Recurring to the major question stated before, the opinion prevails that the creation of the lake or pool was in its complained-of consequences not a wrongful improvement of the defendant’s urban property. The improvement made was and is within the exception applicable to the creation of artificial conditions in or about urban property. There could be no question of a proprietor’s right to wall in one spring on his town or city lot, and thereby impound the waters thereof for his advantage or convenience. The existence of a number of springs on urban lots and their inclosure within walls and the impounding of their waters cannot make a condition so different as to alter the right from that to be enjoyed with respect to one spring. It is a matter of common knowledge, of this state, that a number of its prominent towns were laid off with reference to water supplies afforded, or to be afforded, by springs within their plotted areas.
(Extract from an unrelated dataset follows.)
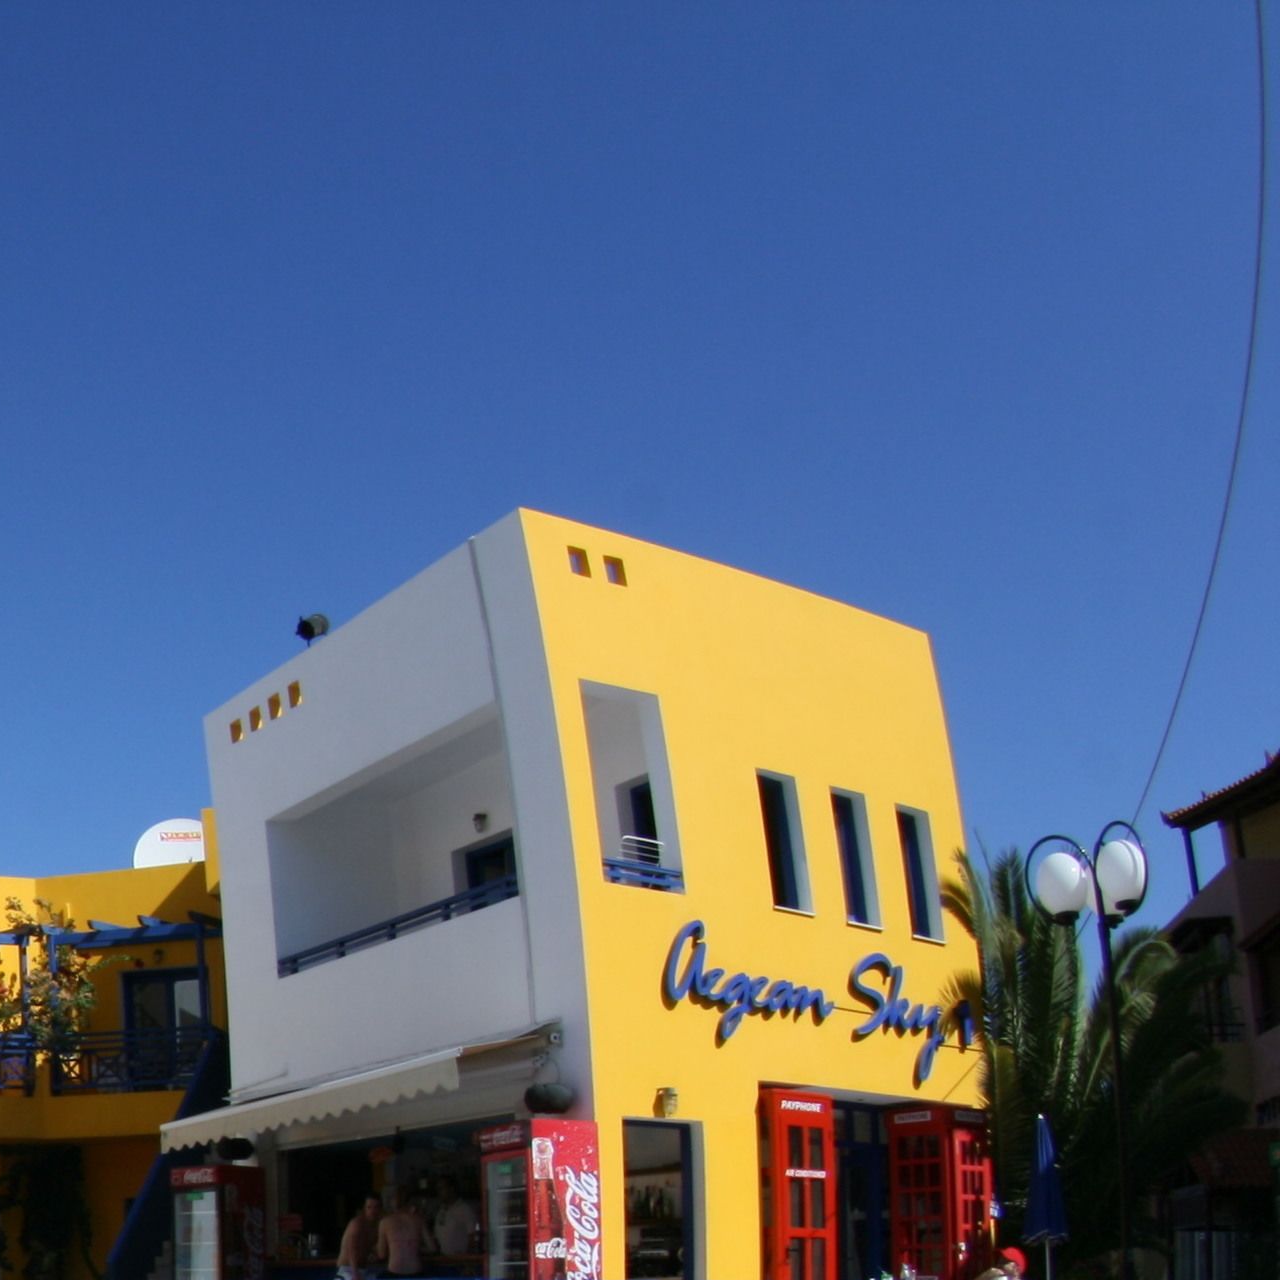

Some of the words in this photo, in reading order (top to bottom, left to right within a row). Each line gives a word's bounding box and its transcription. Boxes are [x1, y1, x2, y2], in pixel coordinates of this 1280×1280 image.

[662, 919, 834, 1041] Aegean
[850, 952, 944, 1083] Sky
[781, 1100, 822, 1113] PAYPHONE
Before the time of the water system as we have it today, the necessary concern for a sufficient and certain water supply for. the personal and business uses of the people naturally exerted an inflence upon the location or creation of villages and towns. The need in populous communities for such supplies exists today, as always formerly. The presence of the source of such supplies in or upon urban lots can and should be availed of. To do so is clearly, we think, natural and reasonable; and to effect this contemplated, anticipated, and authorized .purpose structures may be erected to impound such waters, and to facilitate the enjoyment of the privilege nature has provided. So the construction of the pool or lake, as *436before described, was not an improvement foreign to the reason and letter of the exception in favor of the creation of artificial conditions upon urban lots. The relation of the subject of this improvement, as well as its method, to the ordinary, usual needs and conveniences of urban communities, is intimate and natural; and, in so altering and facilitating nature’s arrangement the contemplated, anticipated, general purpose and result must be deemed to have been conserved. Plea 2 properly invoked this principle, and was not subject to the demurrer.
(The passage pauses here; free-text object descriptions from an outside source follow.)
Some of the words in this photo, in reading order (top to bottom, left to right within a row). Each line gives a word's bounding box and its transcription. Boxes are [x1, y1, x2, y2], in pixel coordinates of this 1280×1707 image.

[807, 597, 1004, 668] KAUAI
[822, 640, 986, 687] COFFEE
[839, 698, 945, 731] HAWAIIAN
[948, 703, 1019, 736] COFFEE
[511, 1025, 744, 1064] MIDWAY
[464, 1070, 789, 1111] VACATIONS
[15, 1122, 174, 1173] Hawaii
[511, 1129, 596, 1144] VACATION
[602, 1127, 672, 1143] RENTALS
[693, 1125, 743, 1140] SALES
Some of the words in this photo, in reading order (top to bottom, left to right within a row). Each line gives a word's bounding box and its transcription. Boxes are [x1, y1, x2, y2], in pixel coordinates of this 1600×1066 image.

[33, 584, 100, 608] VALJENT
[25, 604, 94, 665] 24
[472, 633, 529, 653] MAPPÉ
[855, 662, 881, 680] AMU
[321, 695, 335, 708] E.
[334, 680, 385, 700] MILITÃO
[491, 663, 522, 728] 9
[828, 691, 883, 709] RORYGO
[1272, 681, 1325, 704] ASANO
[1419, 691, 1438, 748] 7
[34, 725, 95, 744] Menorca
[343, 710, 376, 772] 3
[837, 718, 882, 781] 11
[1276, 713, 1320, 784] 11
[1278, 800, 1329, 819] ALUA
The action of the court in sustaining the motion to strike certain replications cannot be considered, since the motion and ruling are not shown in the bill of exceptions. — St. Louis & S. F. R. R. Co. v. Phillips, 165 Ala. 512, 513, 51 South. 638. The affirmative charge was due the defendants.

The judgment is affirmed.

Affirmed.

Dowdell, C. J., and Sayre and Somerville, JJ., concur.